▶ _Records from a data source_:
┌────────

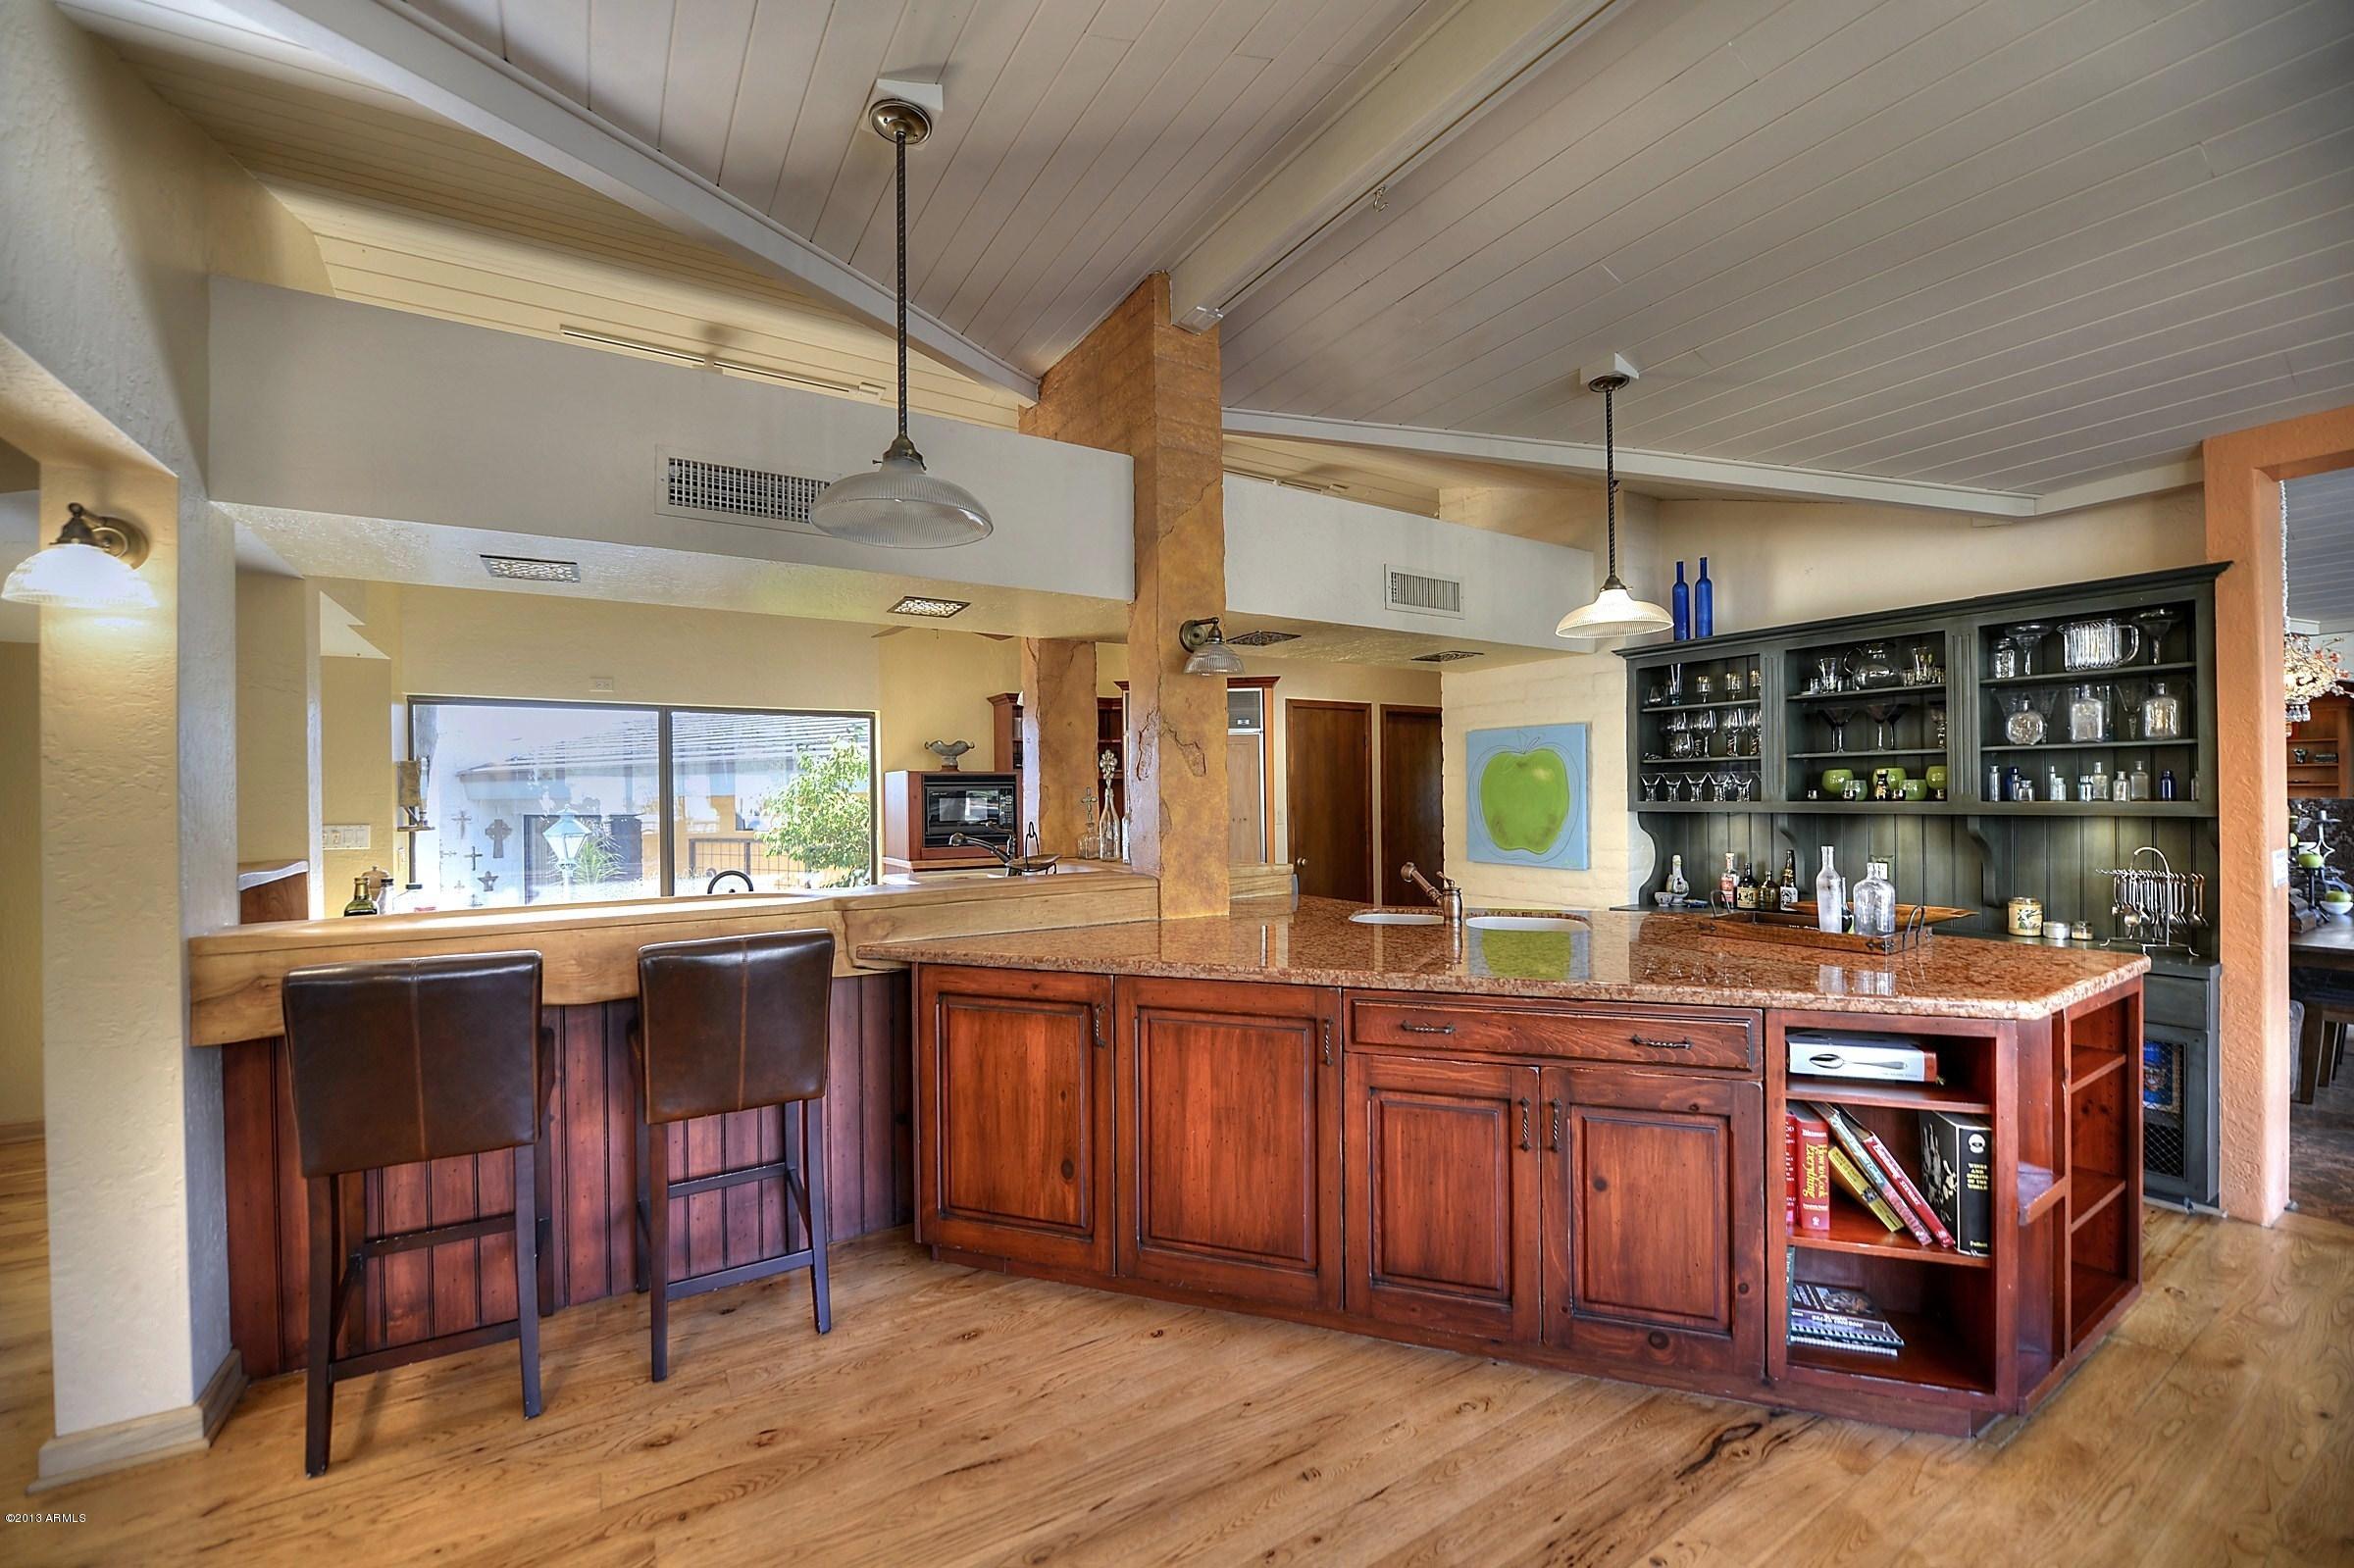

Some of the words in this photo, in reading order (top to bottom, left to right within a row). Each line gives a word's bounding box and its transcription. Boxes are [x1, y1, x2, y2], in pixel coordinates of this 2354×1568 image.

[1817, 1144, 1828, 1166] How
[1803, 1142, 1818, 1198] Everything
[1817, 1174, 1829, 1198] Cook
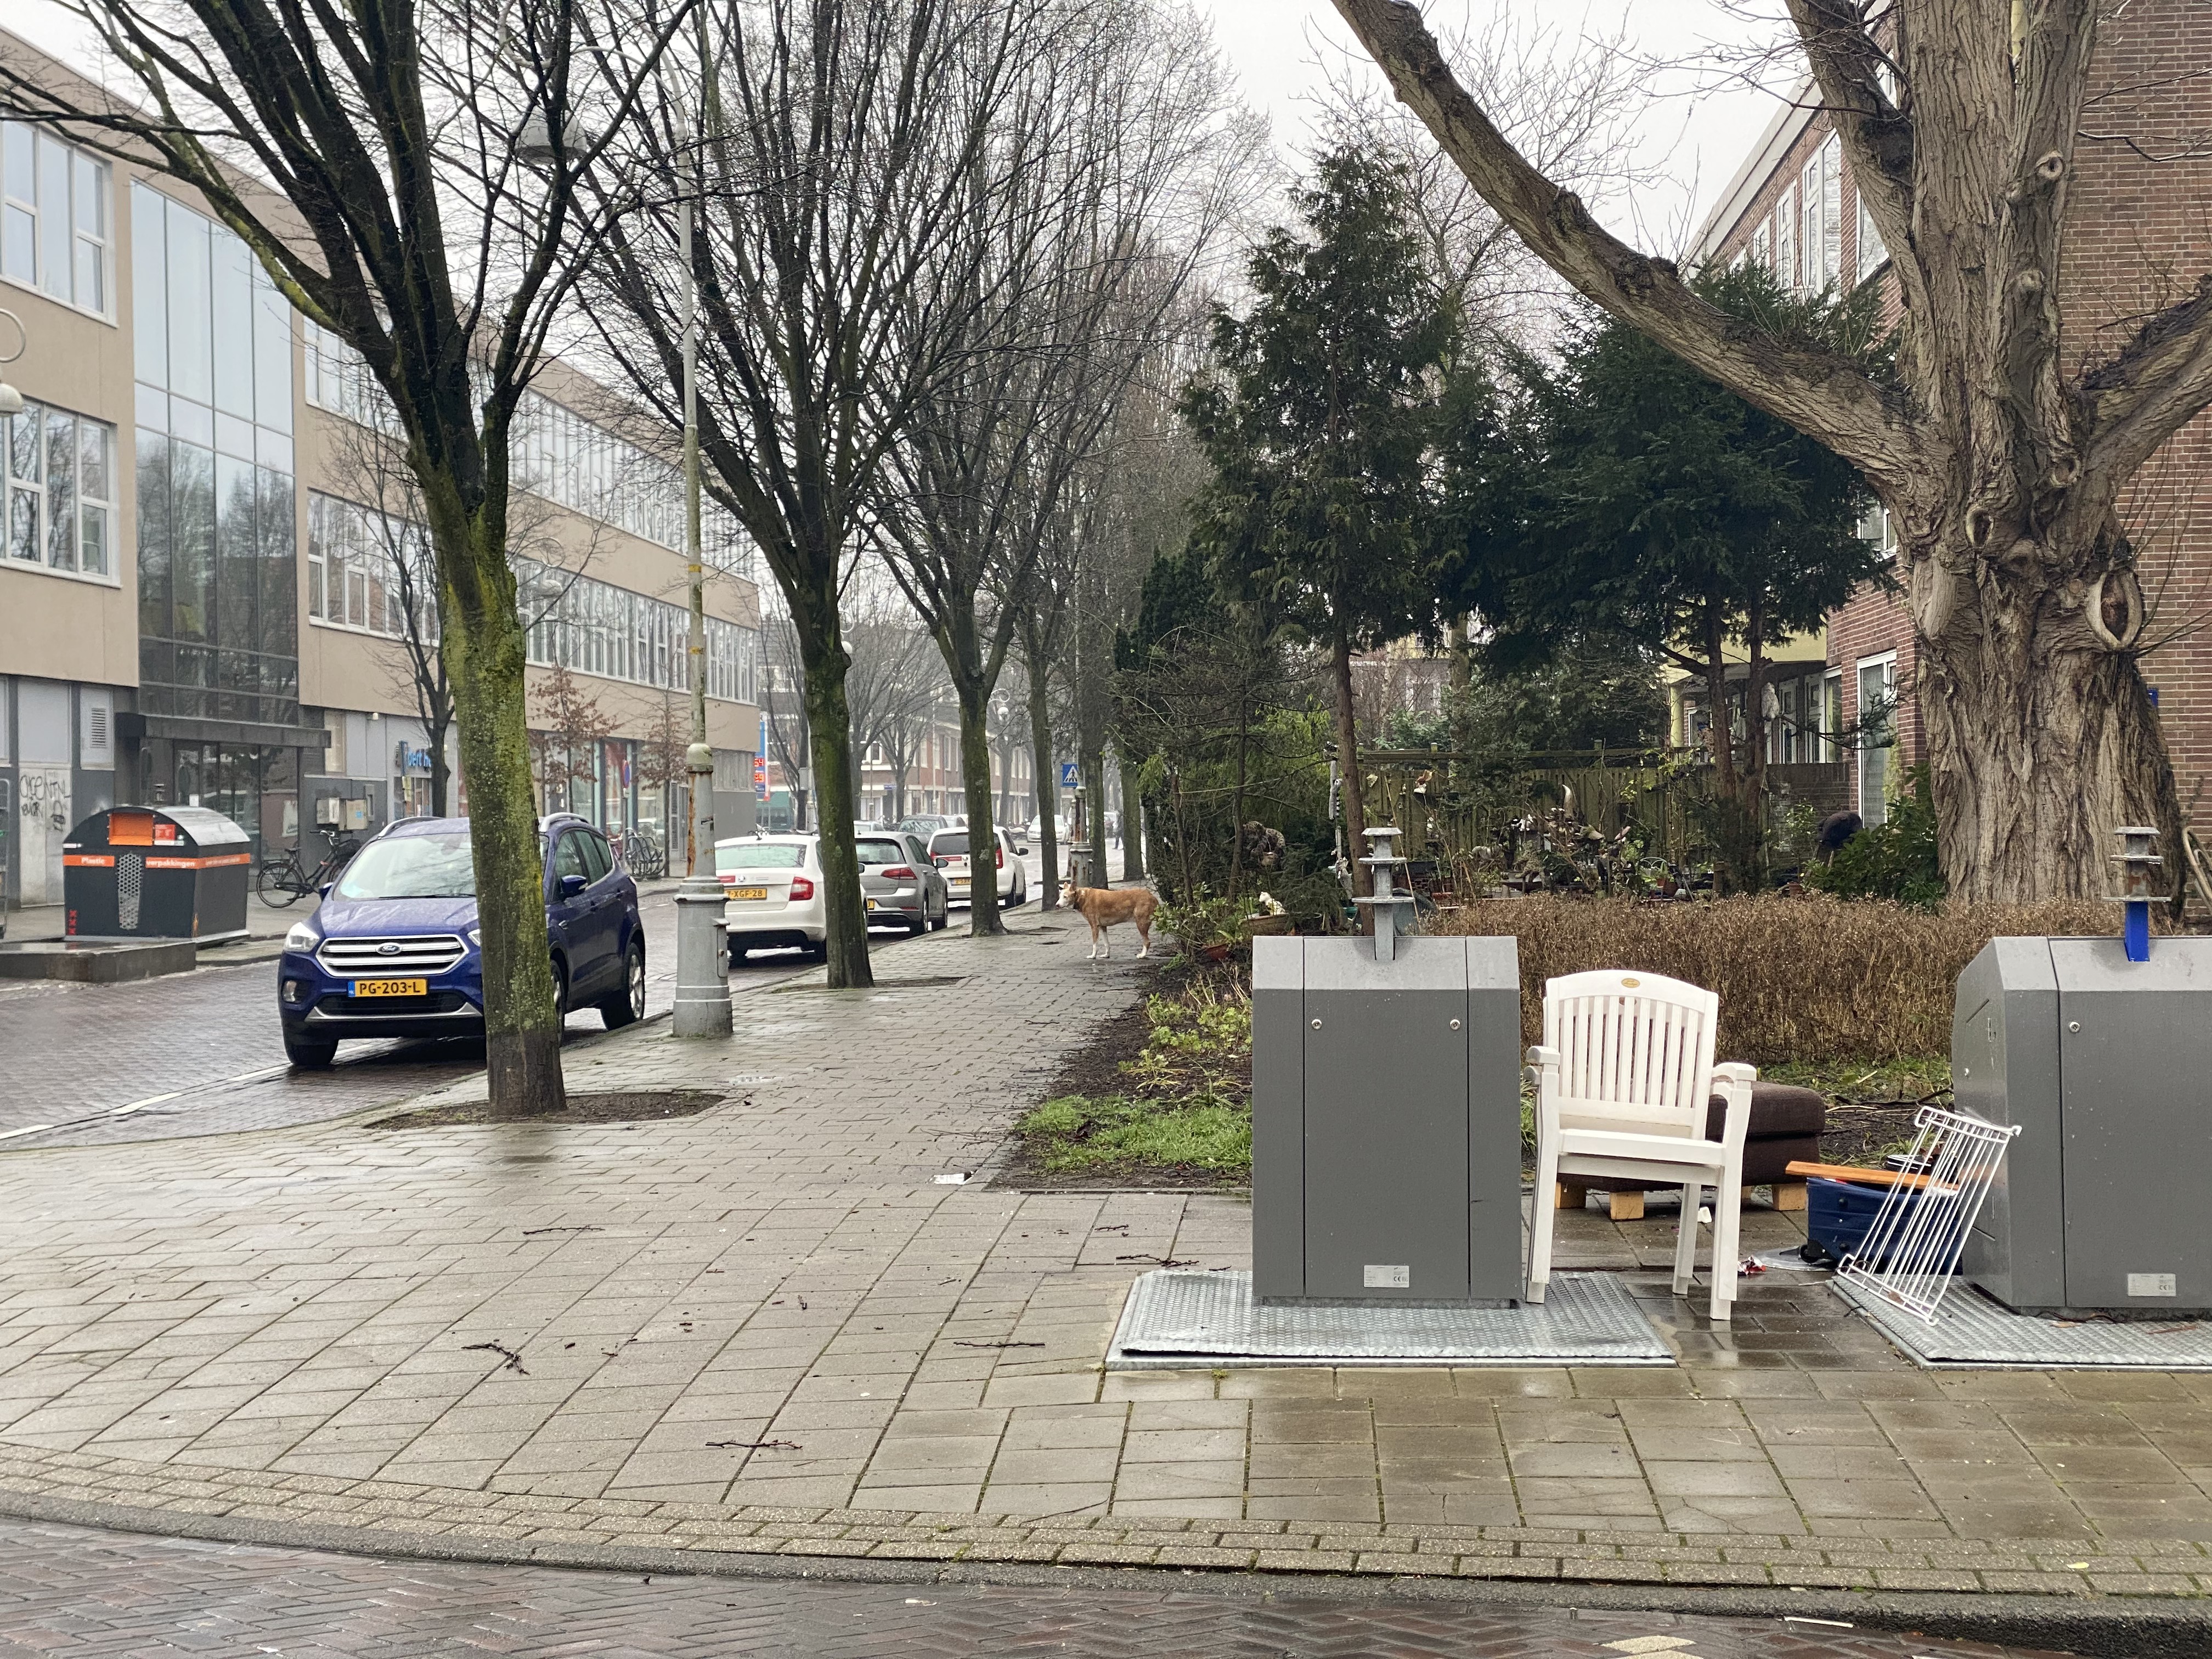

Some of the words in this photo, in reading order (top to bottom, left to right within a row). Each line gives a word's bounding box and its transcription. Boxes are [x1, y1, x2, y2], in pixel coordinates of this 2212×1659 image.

[81, 856, 105, 865] Plastic
[146, 859, 196, 868] verpakkingen
[359, 981, 421, 995] PG-203-L

└────────

▶ _Your goal_:
The lines from the one with "this 2212×1659 image." through the final line of the data are to be reproduced exactly, both included, with no other lines.

▶ _Exercise response_:
Some of the words in this photo, in reading order (top to bottom, left to right within a row). Each line gives a word's bounding box and its transcription. Boxes are [x1, y1, x2, y2], in pixel coordinates of this 2212×1659 image.

[81, 856, 105, 865] Plastic
[146, 859, 196, 868] verpakkingen
[359, 981, 421, 995] PG-203-L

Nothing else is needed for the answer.